> About this task: Write the records out exactly as shown. No pictures.

> Data shown:
-- Opening Marker --
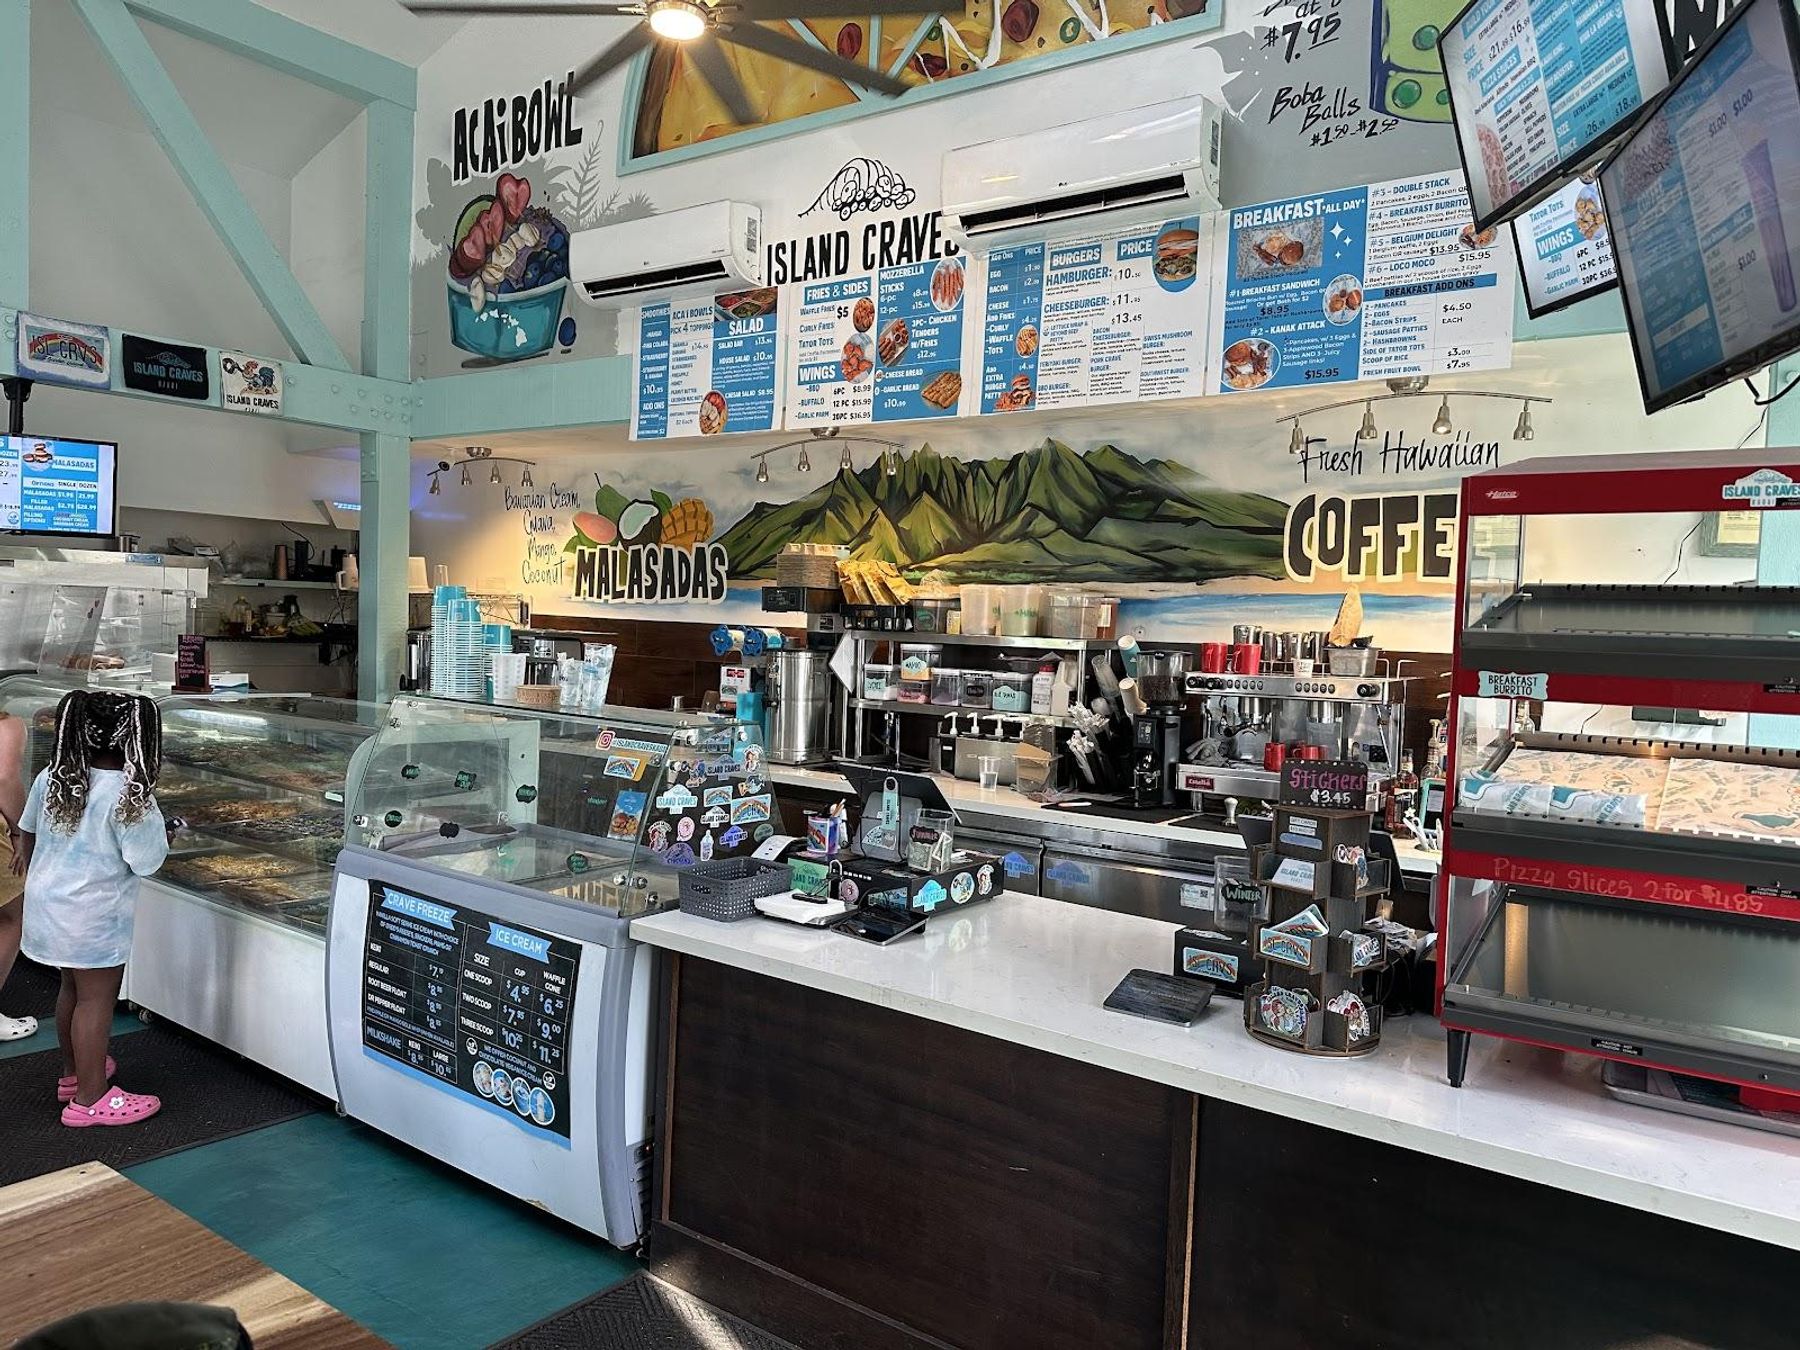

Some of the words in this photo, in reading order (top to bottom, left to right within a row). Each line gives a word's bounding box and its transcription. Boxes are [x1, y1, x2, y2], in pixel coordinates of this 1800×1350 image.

[1268, 82, 1327, 124] Boba
[1299, 87, 1361, 135] Balls
[1732, 88, 1753, 118] $1.00
[512, 71, 582, 164] BOWL
[1708, 111, 1727, 138] $1.00
[1392, 182, 1423, 194] DOUBLE
[1425, 178, 1451, 189] STACK
[1233, 198, 1325, 229] BREAKFAST
[1326, 204, 1341, 214] ALL
[1390, 204, 1434, 217] BREAKFAST
[1435, 198, 1469, 211] BURRITO
[1391, 233, 1424, 245] BELGIUM
[1425, 227, 1459, 239] DELIGHT
[1537, 228, 1574, 255] WINGS
[1024, 246, 1042, 256] PRICE
[1120, 239, 1153, 256] PRICE
[1429, 244, 1460, 256] $13.95
[767, 230, 850, 286] ISLAND
[1052, 248, 1100, 266] BURGERS
[1390, 261, 1410, 271] LOCO
[1412, 258, 1435, 269] MOCO
[1459, 251, 1491, 262] $15.95
[880, 267, 925, 281] MOZZERELLA
[1046, 266, 1113, 287] HAMBURGER:
[807, 287, 830, 301] FRIES
[832, 284, 840, 297] &
[842, 281, 868, 294] SIDES
[880, 282, 904, 294] STICKS
[989, 284, 1009, 293] BACON
[1281, 279, 1320, 291] SANDWICH
[1385, 285, 1434, 297] BREAKFAST
[1435, 281, 1453, 292] ADD
[1456, 279, 1475, 288] ONS
[837, 306, 849, 319] $5
[988, 301, 1009, 310] CHEESE
[1044, 296, 1110, 314] CHEESEBURGER:
[1260, 304, 1289, 317] $8.95
[1443, 302, 1472, 313] $4.50
[1112, 312, 1142, 325] $13.45
[1442, 316, 1463, 324] EACH
[729, 318, 764, 336] SALAD
[1161, 330, 1192, 339] MUSHROOM
[1270, 323, 1296, 334] KANAK
[1297, 320, 1326, 332] ATTACK
[1402, 325, 1428, 333] PATTIES
[1372, 335, 1417, 345] HASHBROWNS
[59, 340, 97, 364] CRVS
[1363, 347, 1377, 355] SIDE
[1447, 347, 1471, 356] $3.00
[1362, 356, 1383, 364] SCOOP
[1447, 360, 1471, 369] $7.95
[133, 361, 165, 378] ISLAND
[168, 363, 204, 383] CRAVES
[799, 365, 836, 381] WINGS
[986, 374, 1004, 382] EXTRA
[1304, 368, 1339, 380] $15.95
[225, 394, 251, 407] ISLAND
[252, 398, 279, 410] CRAVES
[841, 399, 849, 407] PC
[1297, 433, 1362, 482] Fresh
[1380, 429, 1500, 474] Hawaiian
[1724, 485, 1761, 497] ISLAND
[1288, 493, 1458, 579] COFFE
[522, 556, 567, 585] Coconut
[574, 546, 726, 601] MALASADAS
[1488, 674, 1538, 686] BREAKFAST
[1493, 684, 1533, 695] BURRITO
[1289, 767, 1367, 791] Stickers
[1310, 788, 1351, 804] $3.45
[1493, 857, 1556, 884] Pizza
[1567, 870, 1634, 898] Slices
[1644, 880, 1661, 899] 2
[1663, 882, 1695, 902] for
[1226, 886, 1262, 901] WINTER
[388, 893, 416, 912] CRAVE
[417, 902, 450, 923] FREEZE
[495, 930, 510, 944] ICE
[511, 934, 542, 954] CREAM
[474, 953, 490, 966] SIZE
[514, 968, 526, 977] CUP
[543, 971, 566, 985] WAFFLE
[464, 969, 475, 979] ONE
[474, 974, 493, 986] SCOOP
[539, 994, 564, 1015] $6.25
[545, 982, 561, 994] CONE
[462, 993, 475, 1004] TWO
[474, 997, 492, 1009] SCOOP
[537, 1018, 561, 1040] $9.00
[460, 1016, 476, 1028] THREE
[475, 1024, 494, 1036] SCOOP
[366, 1026, 402, 1049] MILKSHAKE
[432, 1049, 449, 1063] LARGE
-- Closing Marker --
> Reply:
Some of the words in this photo, in reading order (top to bottom, left to right within a row). Each line gives a word's bounding box and its transcription. Boxes are [x1, y1, x2, y2], in pixel coordinates of this 1800×1350 image.

[1268, 82, 1327, 124] Boba
[1299, 87, 1361, 135] Balls
[1732, 88, 1753, 118] $1.00
[512, 71, 582, 164] BOWL
[1708, 111, 1727, 138] $1.00
[1392, 182, 1423, 194] DOUBLE
[1425, 178, 1451, 189] STACK
[1233, 198, 1325, 229] BREAKFAST
[1326, 204, 1341, 214] ALL
[1390, 204, 1434, 217] BREAKFAST
[1435, 198, 1469, 211] BURRITO
[1391, 233, 1424, 245] BELGIUM
[1425, 227, 1459, 239] DELIGHT
[1537, 228, 1574, 255] WINGS
[1024, 246, 1042, 256] PRICE
[1120, 239, 1153, 256] PRICE
[1429, 244, 1460, 256] $13.95
[767, 230, 850, 286] ISLAND
[1052, 248, 1100, 266] BURGERS
[1390, 261, 1410, 271] LOCO
[1412, 258, 1435, 269] MOCO
[1459, 251, 1491, 262] $15.95
[880, 267, 925, 281] MOZZERELLA
[1046, 266, 1113, 287] HAMBURGER:
[807, 287, 830, 301] FRIES
[832, 284, 840, 297] &
[842, 281, 868, 294] SIDES
[880, 282, 904, 294] STICKS
[989, 284, 1009, 293] BACON
[1281, 279, 1320, 291] SANDWICH
[1385, 285, 1434, 297] BREAKFAST
[1435, 281, 1453, 292] ADD
[1456, 279, 1475, 288] ONS
[837, 306, 849, 319] $5
[988, 301, 1009, 310] CHEESE
[1044, 296, 1110, 314] CHEESEBURGER:
[1260, 304, 1289, 317] $8.95
[1443, 302, 1472, 313] $4.50
[1112, 312, 1142, 325] $13.45
[1442, 316, 1463, 324] EACH
[729, 318, 764, 336] SALAD
[1161, 330, 1192, 339] MUSHROOM
[1270, 323, 1296, 334] KANAK
[1297, 320, 1326, 332] ATTACK
[1402, 325, 1428, 333] PATTIES
[1372, 335, 1417, 345] HASHBROWNS
[59, 340, 97, 364] CRVS
[1363, 347, 1377, 355] SIDE
[1447, 347, 1471, 356] $3.00
[1362, 356, 1383, 364] SCOOP
[1447, 360, 1471, 369] $7.95
[133, 361, 165, 378] ISLAND
[168, 363, 204, 383] CRAVES
[799, 365, 836, 381] WINGS
[986, 374, 1004, 382] EXTRA
[1304, 368, 1339, 380] $15.95
[225, 394, 251, 407] ISLAND
[252, 398, 279, 410] CRAVES
[841, 399, 849, 407] PC
[1297, 433, 1362, 482] Fresh
[1380, 429, 1500, 474] Hawaiian
[1724, 485, 1761, 497] ISLAND
[1288, 493, 1458, 579] COFFE
[522, 556, 567, 585] Coconut
[574, 546, 726, 601] MALASADAS
[1488, 674, 1538, 686] BREAKFAST
[1493, 684, 1533, 695] BURRITO
[1289, 767, 1367, 791] Stickers
[1310, 788, 1351, 804] $3.45
[1493, 857, 1556, 884] Pizza
[1567, 870, 1634, 898] Slices
[1644, 880, 1661, 899] 2
[1663, 882, 1695, 902] for
[1226, 886, 1262, 901] WINTER
[388, 893, 416, 912] CRAVE
[417, 902, 450, 923] FREEZE
[495, 930, 510, 944] ICE
[511, 934, 542, 954] CREAM
[474, 953, 490, 966] SIZE
[514, 968, 526, 977] CUP
[543, 971, 566, 985] WAFFLE
[464, 969, 475, 979] ONE
[474, 974, 493, 986] SCOOP
[539, 994, 564, 1015] $6.25
[545, 982, 561, 994] CONE
[462, 993, 475, 1004] TWO
[474, 997, 492, 1009] SCOOP
[537, 1018, 561, 1040] $9.00
[460, 1016, 476, 1028] THREE
[475, 1024, 494, 1036] SCOOP
[366, 1026, 402, 1049] MILKSHAKE
[432, 1049, 449, 1063] LARGE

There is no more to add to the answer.